- Venue: Thunder Dome
- Date: 7 December 1998
- Competitors: 15 from 14 nations

Medalists
| gold medal | Lan Shizhang | China |
| silver medal | Wang Shin-yuan | Chinese Taipei |
| bronze medal | Mehdi Panzvan | Iran |

= Weightlifting at the 1998 Asian Games – Men's 56 kg =

The men's 56 kilograms event at the 1998 Asian Games took place on 7 December 1998 at Thunder Dome, Maung Thong Thani Sports Complex.

The weightlifter from China won the gold, with a combined lift of 275 kg.

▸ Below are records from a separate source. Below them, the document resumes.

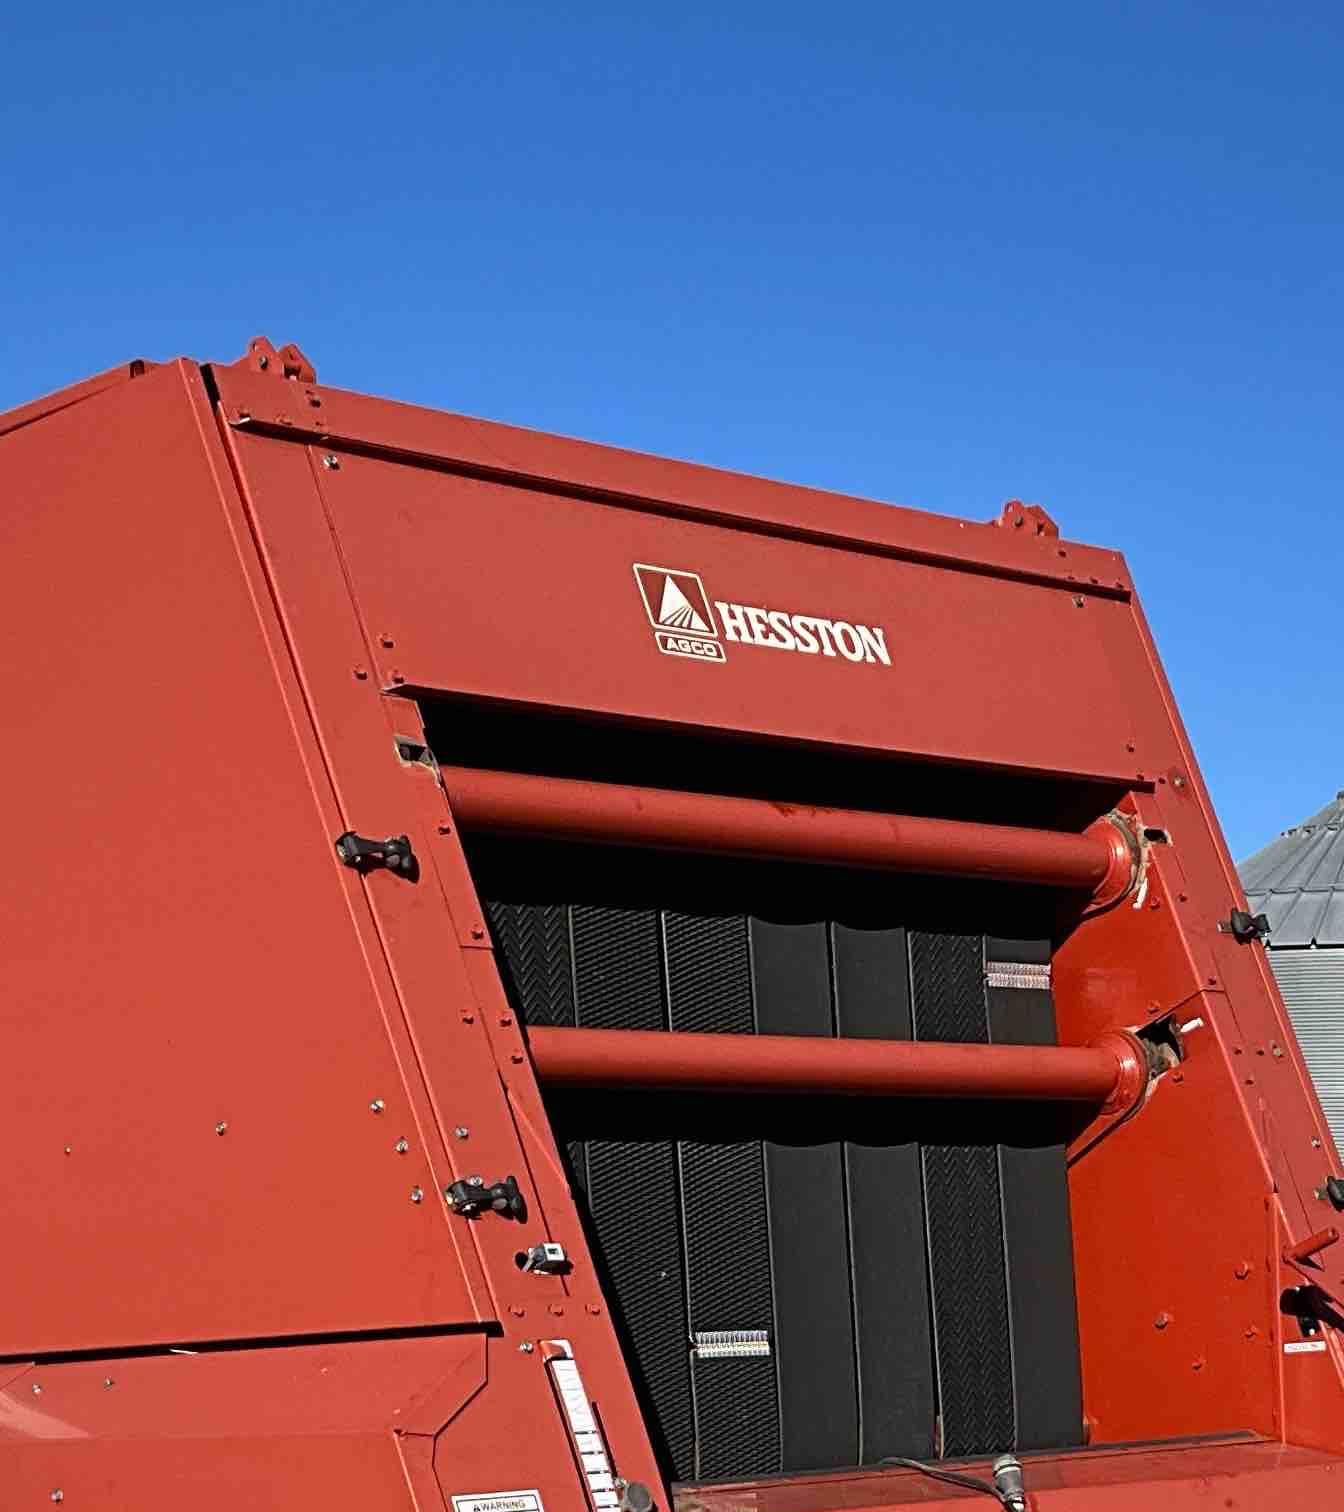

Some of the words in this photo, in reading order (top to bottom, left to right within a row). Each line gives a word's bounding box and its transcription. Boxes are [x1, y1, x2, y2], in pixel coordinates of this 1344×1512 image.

[714, 601, 892, 666] HESSTON
[666, 638, 718, 658] AGCO
[482, 1500, 526, 1511] WARNING
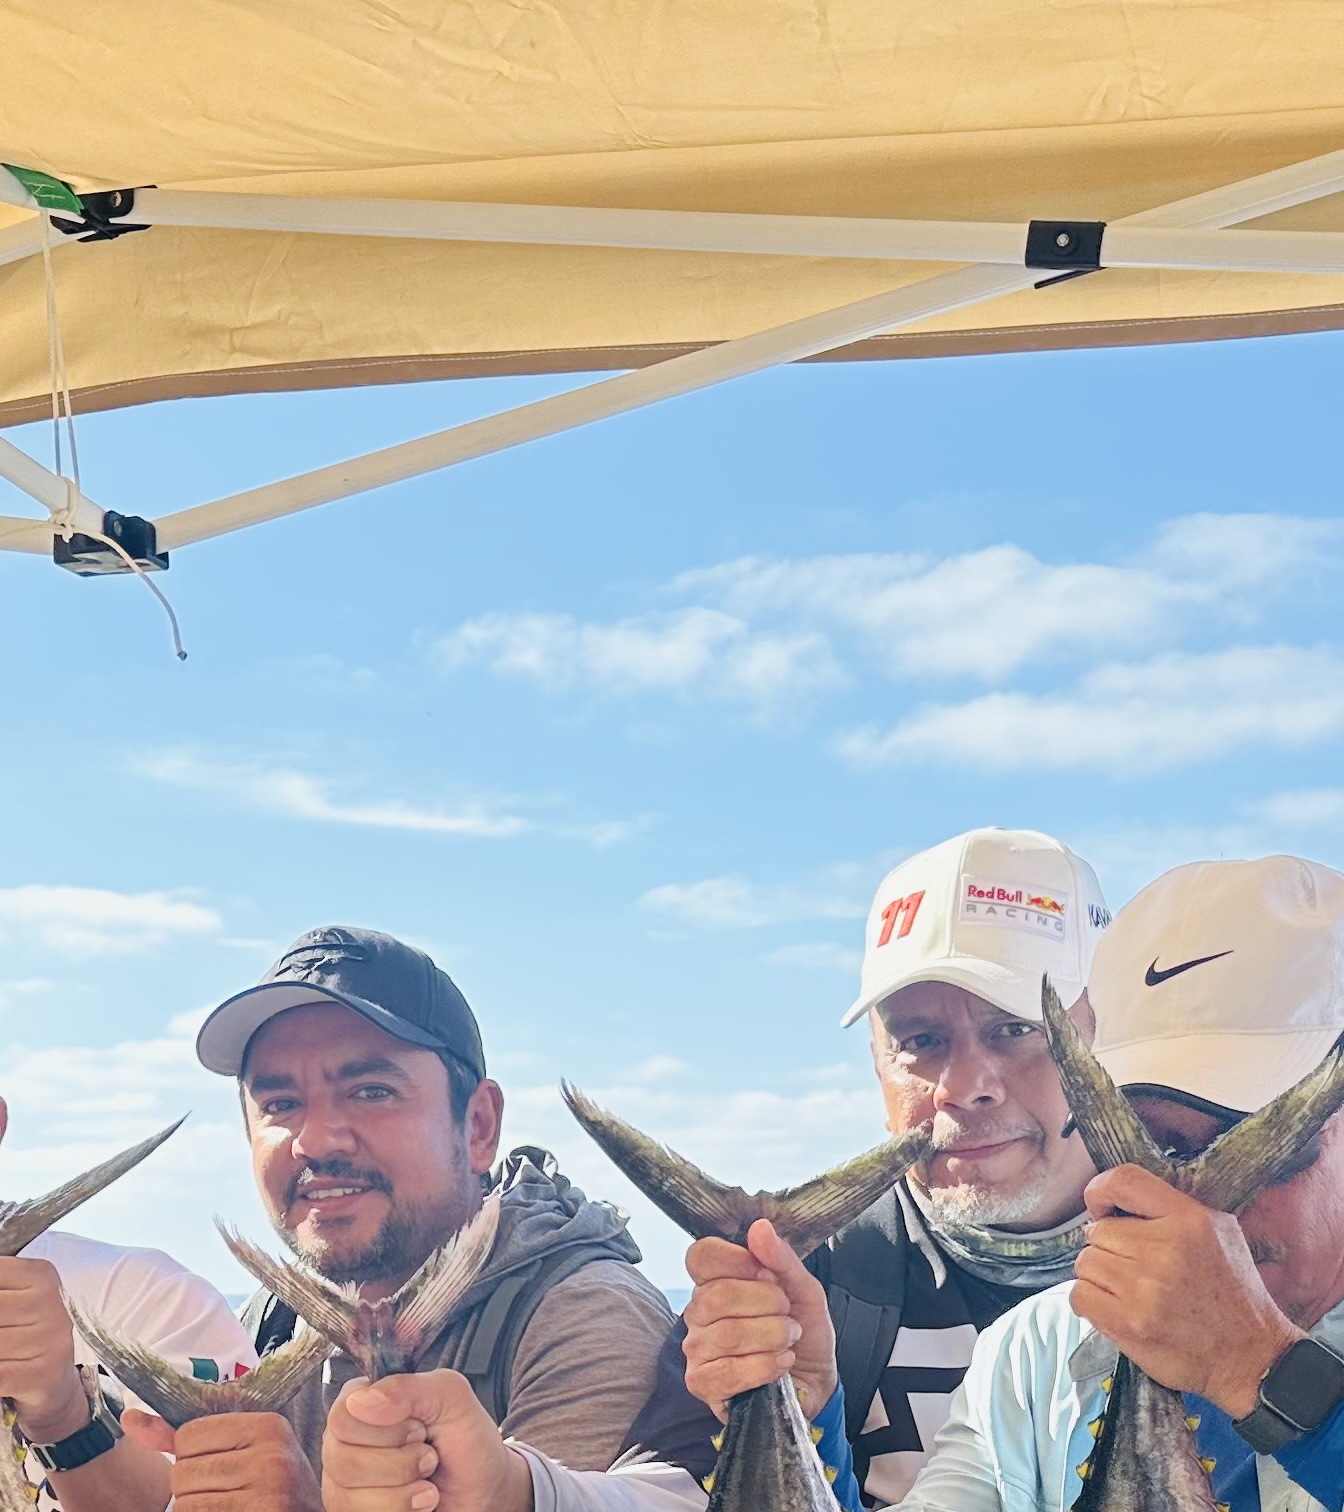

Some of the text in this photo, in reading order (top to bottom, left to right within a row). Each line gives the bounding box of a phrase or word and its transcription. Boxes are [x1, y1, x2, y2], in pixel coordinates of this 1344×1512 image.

[967, 884, 1023, 904] Red Bull
[876, 889, 926, 948] 11
[965, 903, 1064, 933] RACING

Total score was the sum of the lifter's best result in each of the snatch and the clean and jerk, with three lifts allowed for each lift. In case of a tie, the lighter lifter won; if still tied, the lifter who took the fewest attempts to achieve the total score won. Lifters without a valid snatch score were allowed to perform the clean and jerk.

==Results==
- Legend
- NM — No mark

| Rank | Athlete | Body weight | Snatch (kg) |  |  |  | Clean & Jerk (kg) |  |  |  | Total |
| 1 | 2 | 3 | Result | 1 | 2 | 3 | Result |
| 1st place, gold medalist(s) | Lan Shizhang (CHN) | 55.75 | 120.0 | 125.0 | 125.0 | 120.0 | 155.0 | 166.0 | 166.0 | 155.0 | 275.0 |
| 2nd place, silver medalist(s) | Wang Shin-yuan (TPE) | 55.05 | 115.0 | 115.0 | 120.0 | 115.0 | 150.0 | 152.5 | 155.0 | 152.5 | 267.5 |
| 3rd place, bronze medalist(s) | Mehdi Panzvan (IRI) | 55.75 | 115.0 | 120.0 | 122.5 | 122.5 | 140.0 | 145.0 | 147.5 | 145.0 | 267.5 |
| 4 | Kim Chol-min (PRK) | 55.70 | 115.0 | 120.0 | 120.0 | 120.0 | 145.0 | 152.5 | 152.5 | 145.0 | 265.0 |
| 5 | Yang Chin-yi (TPE) | 55.15 | 110.0 | 110.0 | 115.0 | 110.0 | 140.0 | 145.0 | 145.0 | 140.0 | 250.0 |
| 6 | Toshiyuki Notomi (JPN) | 55.35 | 107.5 | 107.5 | 110.0 | 107.5 | 135.0 | 137.5 | 142.5 | 137.5 | 245.0 |
| 7 | Karitha Pandian Arumugam (IND) | 55.90 | 102.5 | 107.5 | 110.0 | 107.5 | 132.5 | 137.5 | 142.5 | 137.5 | 245.0 |
| 8 | Antonio Agustin (PHI) | 55.60 | 102.5 | 107.5 | 107.5 | 102.5 | 135.0 | 135.0 | 135.0 | 135.0 | 237.5 |
| 9 | Viktor Yansky (UZB) | 55.75 | 105.0 | 105.0 | 105.0 | 105.0 | 132.5 | 137.5 | 137.5 | 132.5 | 237.5 |
| 10 | Matin Guntali (MAS) | 55.75 | 102.5 | 107.5 | 107.5 | 102.5 | 132.5 | 137.5 | 140.0 | 132.5 | 235.0 |
| 11 | Ümürbek Bazarbaýew (TKM) | 55.70 | 100.0 | 105.0 | 110.0 | 105.0 | 122.5 | 127.5 | 127.5 | 127.5 | 232.5 |
| 12 | Rakesh Ranjeet (NEP) | 55.35 | 90.0 | 95.0 | 95.0 | 90.0 | 120.0 | 122.5 | 127.5 | 122.5 | 212.5 |
| — | Muhammad Ishtiaq Ghafoor (PAK) | 53.50 | 90.0 | 95.0 | 100.0 | 95.0 | 120.0 | 120.0 | 120.0 | — | NM |
| — | Apisit Rittideach (THA) | 55.20 | 110.0 | 110.0 | — | — | — | — | — | — | NM |
| DQ | Ayed Khawaldeh (JOR) | 55.85 | 105.0 | 105.0 | 107.5 | 107.5 | 135.0 | 135.0 | 135.0 | — | NM |

- Ayed Khawaldeh of Jordan originally finished with no mark, but was disqualified after he tested positive for triamterene.